Production bug triage and safe patching for Python, .NET, SQL, and automation workflows—fast diagnosis, minimal-risk fixes, clear verification, and dependable handoff notes.
I help teams resolve production problems quickly and safely.
I’m a systems automation and production debugging specialist with hands-on experience in Python, C#/.NET, SQL/TSQL, VBA, and PowerShell. Clients usually bring me in when something is already failing: unstable scripts, broken integrations, data/reporting mismatches, failed scheduled jobs, or release regressions that need immediate, low-risk triage.

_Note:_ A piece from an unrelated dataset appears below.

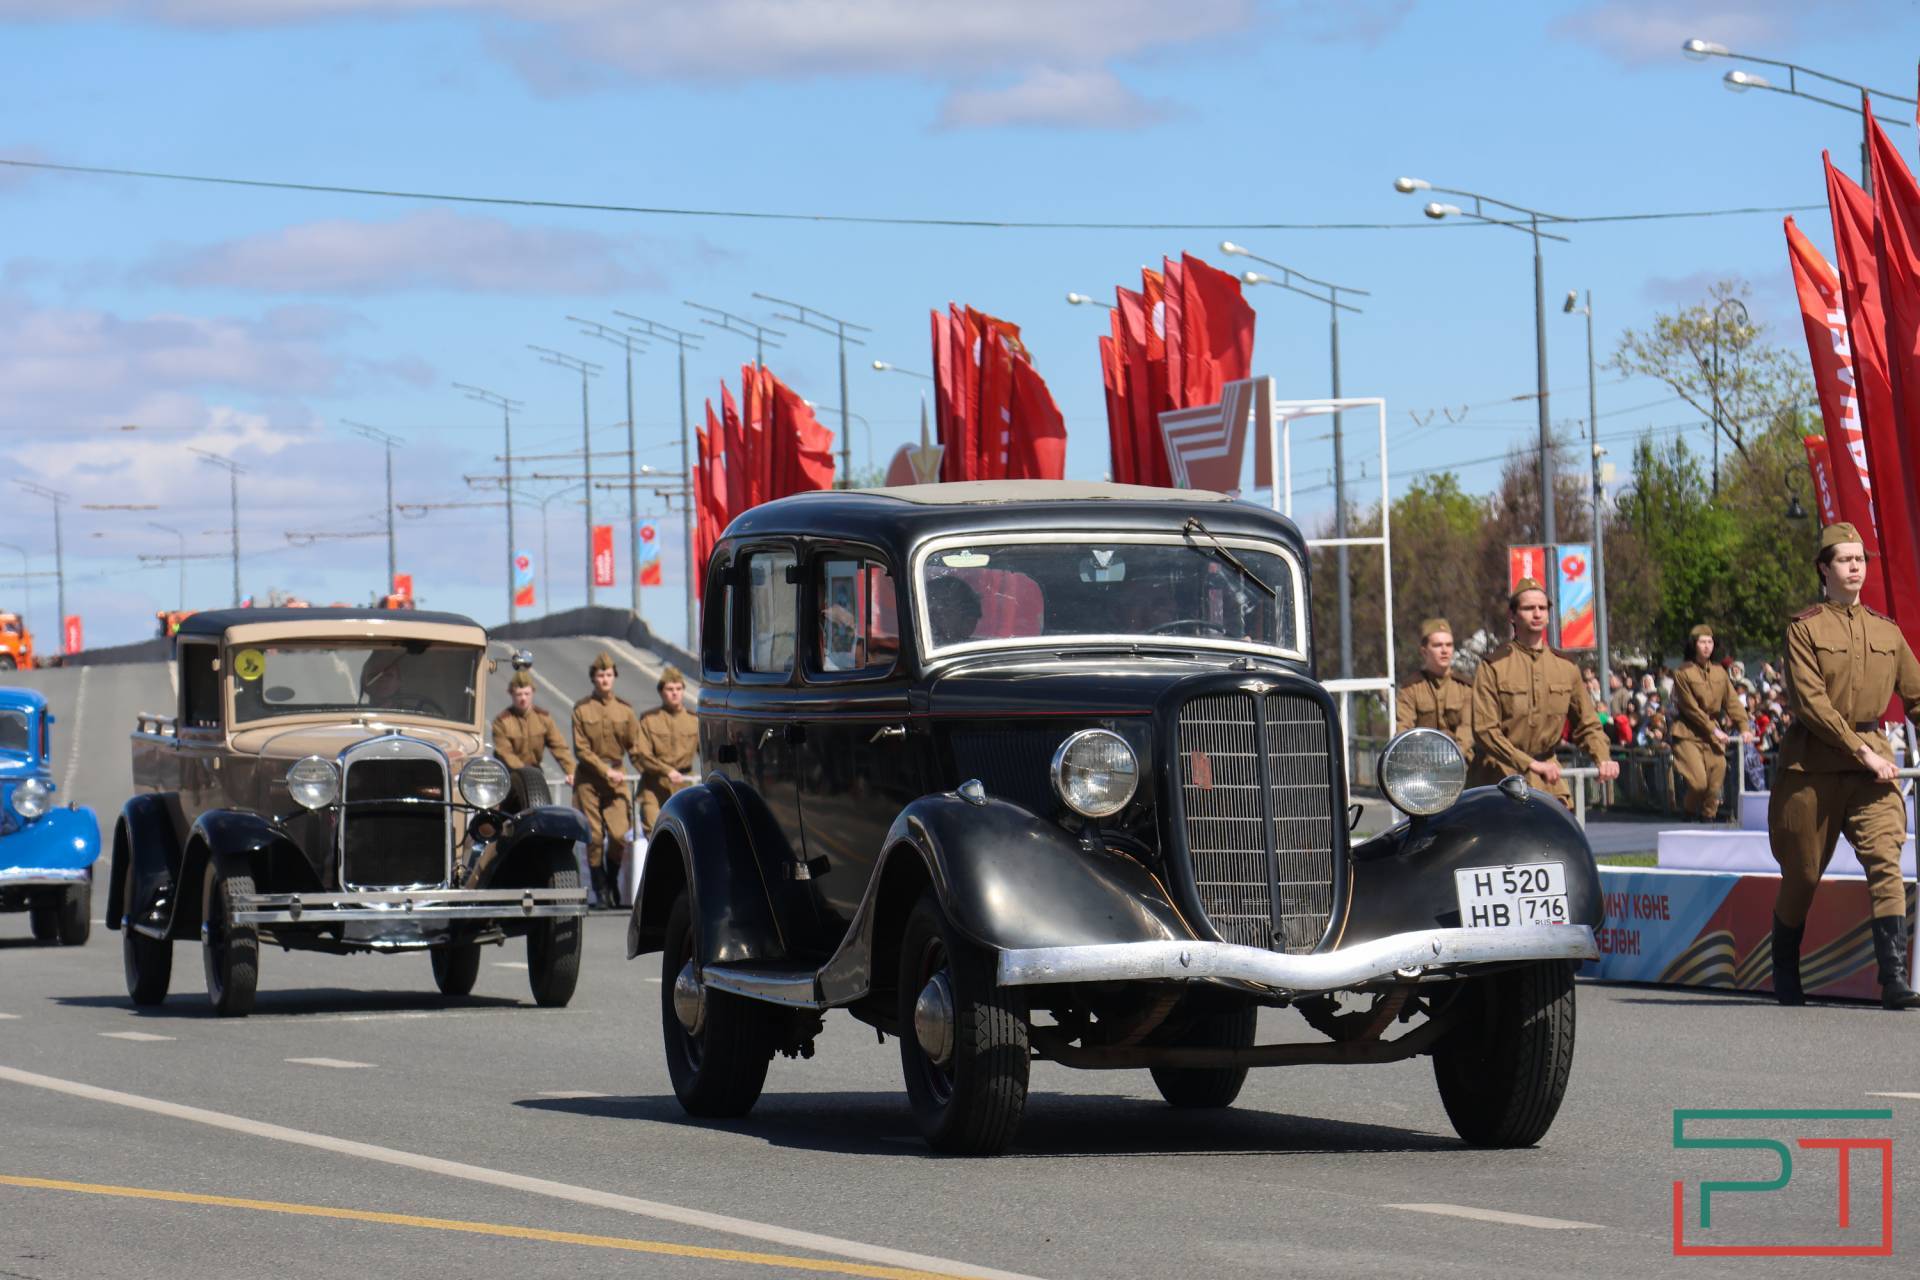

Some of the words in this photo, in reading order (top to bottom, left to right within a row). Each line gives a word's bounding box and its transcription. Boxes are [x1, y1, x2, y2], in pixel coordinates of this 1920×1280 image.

My process is practical and consistent:
Reproduce the issue
Inspect logs, data flow, and dependencies
Apply the smallest safe fix
Verify with a clear checklist
Deliver handoff and rollback notes
I focus on reliability over guesswork. That means no unnecessary rewrites, no hidden scope creep, and no opaque patches that are hard to maintain. I keep changes scoped, documented, and production-aware so your team can deploy with confidence.
Typical areas I support:
Python automation debugging and hardening
.NET/C# internal tools and service stabilization
SQL troubleshooting, query optimization, and data integrity checks
API failure diagnosis and integration repair
Reporting pipeline and operational workflow fixes
What you can expect from me:
Fast initial triage and a clear next-step plan
Concise status updates with realistic ETA
Root-cause summary in plain language
Verification steps your team can rerun
Risk and rollback guidance when relevant
If the issue is urgent, I prioritize service restoration first, then provide phase-two hardening recommendations after stability is restored. This keeps downtime low while improving long-term reliability.
To get started, send:
Error details and log snippets
Reproduction steps
Runtime/database/deployment context
Recent changes made before the issue appeared
I’ll reply with a focused action plan and estimate.
Work Terms
I work with clearly defined scope, structured milestones, and measurable deliverables. Each engagement begins with a focused discovery phase to define objectives, constraints, system boundaries, and success criteria. Development does not begin until requirements are documented and aligned.
Engagement Structure
Discovery & Architecture
Review systems, data models, and workflows
Identify integration risks and edge cases
Produce a phased implementation plan
Build
Modular, version-controlled development
Clear separation of logic and configuration
Logging, validation, and fault handling where required
Validation
Functional testing against defined criteria
Data integrity checks
Performance evaluation under expected load
Deployment & Handoff
Documentation of setup and operational procedures
Knowledge transfer if required
Post-release stabilization period
Billing
Hourly for evolving scope
Fixed-price for clearly defined deliverables
Milestone-based structure for larger systems
Invoices are issued upon milestone completion.
Client Responsibilities
Provide relevant technical documentation and system details
Assign a decision-maker
Review deliverables within agreed timelines
Change Control
Scope changes are evaluated for impact on cost and schedule before implementation proceeds. This ensures clarity and prevents uncontrolled expansion.
Confidentiality
All client data and intellectual property remain confidential. Work can proceed under NDA. Sensitive systems are handled with disciplined change control practices.
Communication
Clear written communication is preferred. Meetings are used strategically for alignment. Availability expectations are defined at project start.
The objective is maintainable architecture and scalable automation—not short-term patches.